Marjorie was just close enough to catch the slightest hint of what they were saying to one another. "Thanks for keeping me in my place," Demetri said, and Vardi Tayna replied, quite softly, "oh, any time, Demusha, any time at all."

She did not acknowledge Marjorie as she walked past her - Marjorie mentally counted her as one of the unfriendly Selected girls - but Demetri offered the Clermont girl a wide smile as he walked over to inspect Uzokuwa's handiwork. "Lady Marjorie. A delight."

"The pleasure is all mine," Marjorie replied.

Theo hissed, "your Majesty."

"Your Majesty," Marjorie added smoothly. "It's lovely to meet you."

Vardi Tayna passed Täj on her way back into the safehouse. They did not look at one another. The dark haired girl disappeared into the building, and shut the door firmly behind her.

"And you. You must accept my apologies that we did not meet sooner - Uzo, I think you need to tighten this a little more..." He pointed at something in the engine that Marjorie could not hope in any world to name. "...Lady Marjorie, how have you been finding the experience so far?"

"Quite lovely, thank you."

Demetri nodded, quite distractedly. "We must arrange some date," he added. "Sometime soon, I don't want you to feel neglected in the Selection... Theo, you ready to go?"

"So soon?" Marjorie asked boldly, opening her eyes wide and inquisitive.

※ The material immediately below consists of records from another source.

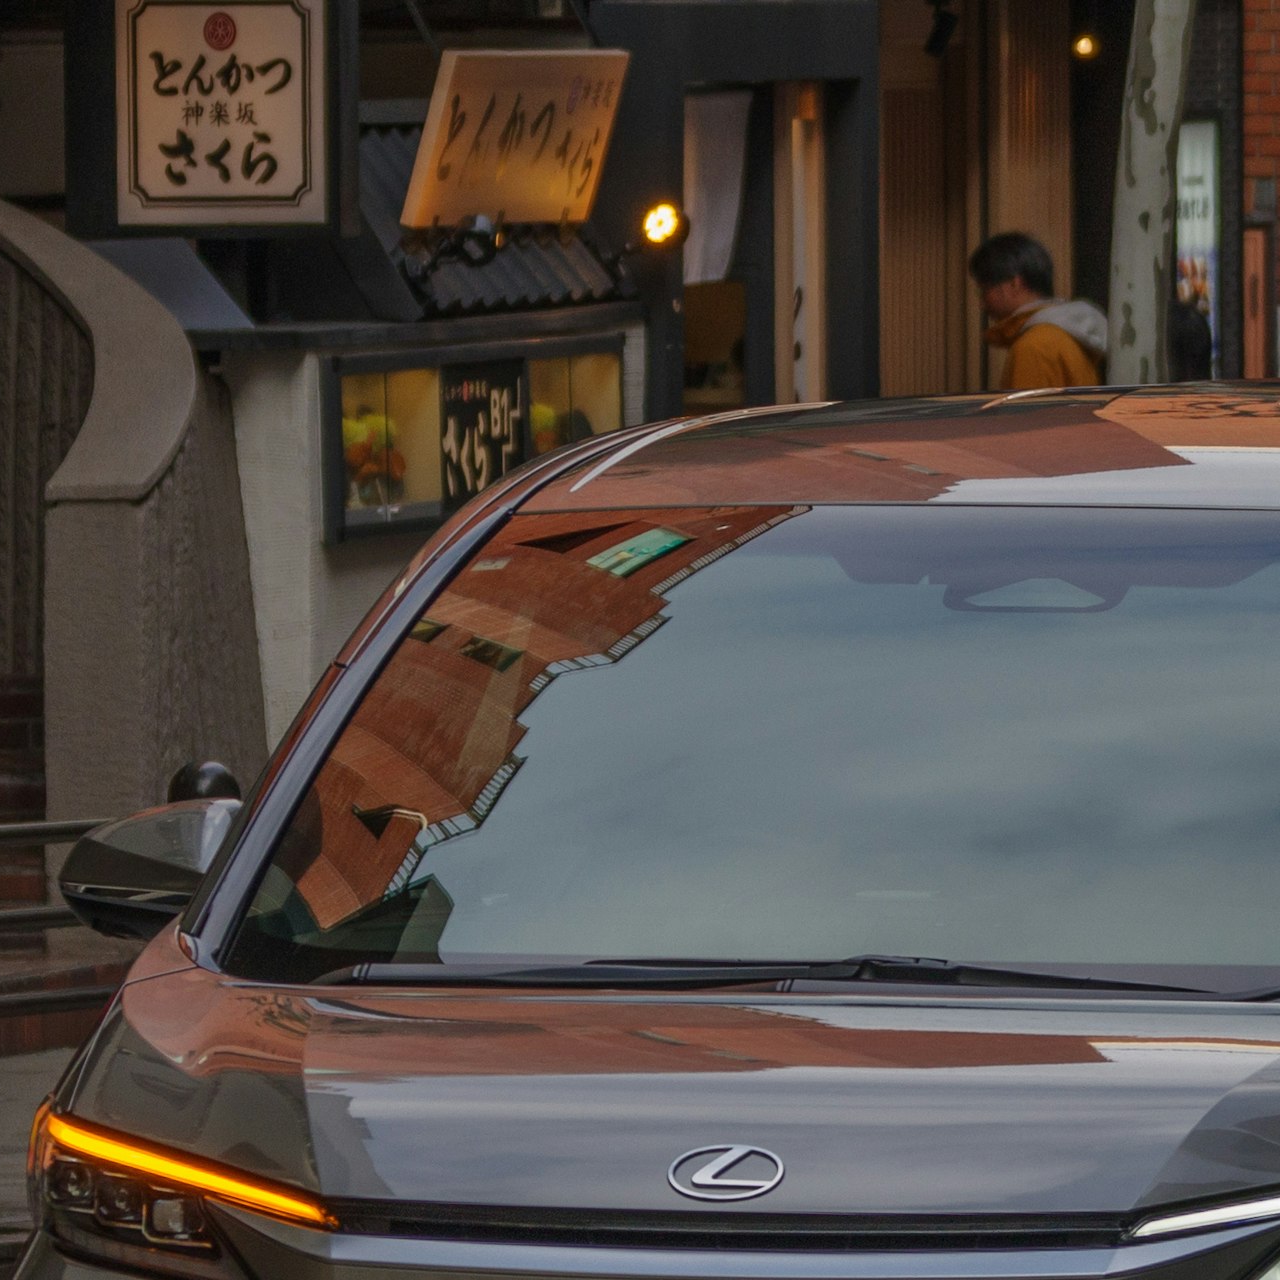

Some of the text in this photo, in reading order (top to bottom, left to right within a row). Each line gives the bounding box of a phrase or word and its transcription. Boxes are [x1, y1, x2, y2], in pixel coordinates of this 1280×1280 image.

[149, 51, 292, 97] とんかつ
[182, 100, 258, 126] 神楽坂
[437, 92, 556, 186] とんかつ
[158, 129, 278, 185] さくら
[489, 388, 510, 439] B1
[442, 411, 487, 497] さくら
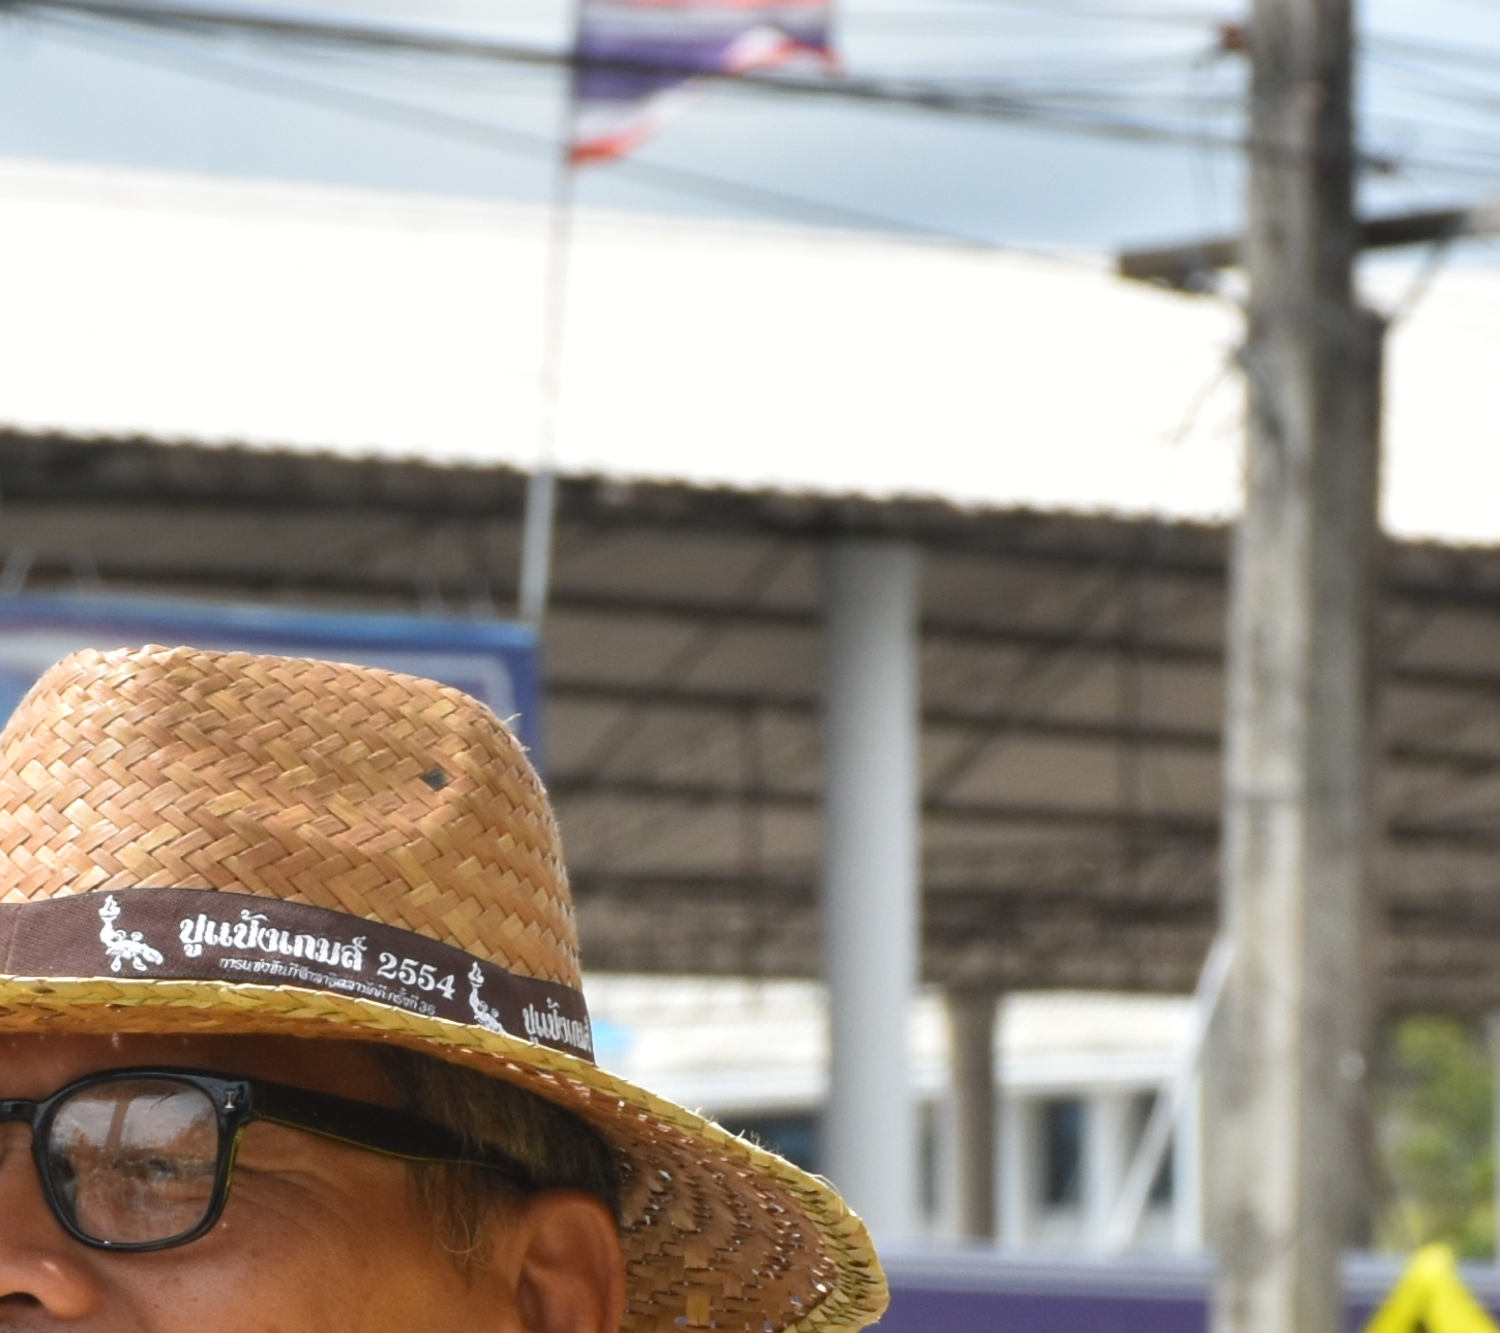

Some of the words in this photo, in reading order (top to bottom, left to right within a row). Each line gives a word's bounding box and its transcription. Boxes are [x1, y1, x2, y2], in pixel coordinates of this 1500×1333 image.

[179, 909, 367, 971] ปูแป้งเกมส์
[376, 952, 457, 1000] 2554
[419, 1001, 436, 1015] 36
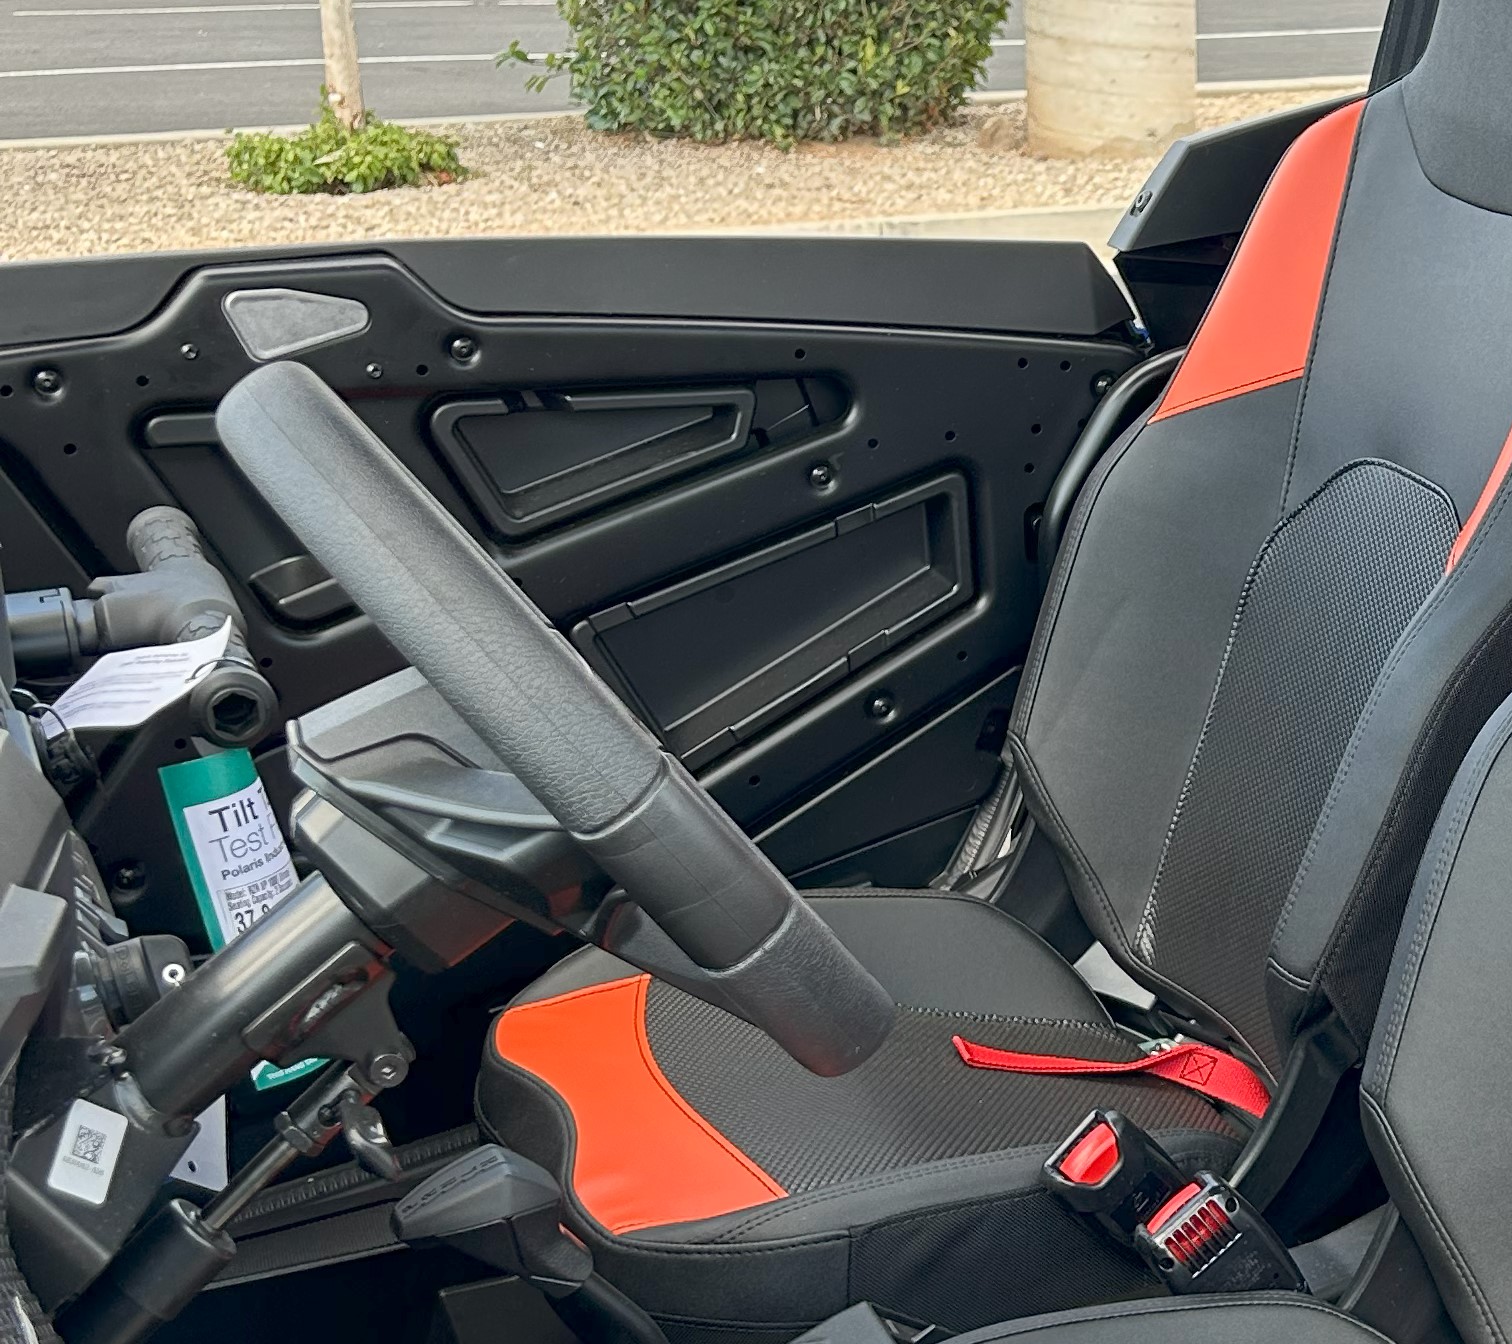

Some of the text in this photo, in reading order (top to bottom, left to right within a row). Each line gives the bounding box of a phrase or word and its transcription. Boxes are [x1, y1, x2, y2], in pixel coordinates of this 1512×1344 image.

Demetri lifted one shoulder in a casual shrug. "Most unfortunately. Much preparation to be done for the next Report, Lady Marjorie... At least it should hopefully provide you all some excitement, some break from routine."

Marjorie paused, nodded, and smiled. "I look forward to it very much."

Demetri returned the expression. "And I look forward to seeing you there. We'll talk soon about doing something, just you and I... Malone, come on."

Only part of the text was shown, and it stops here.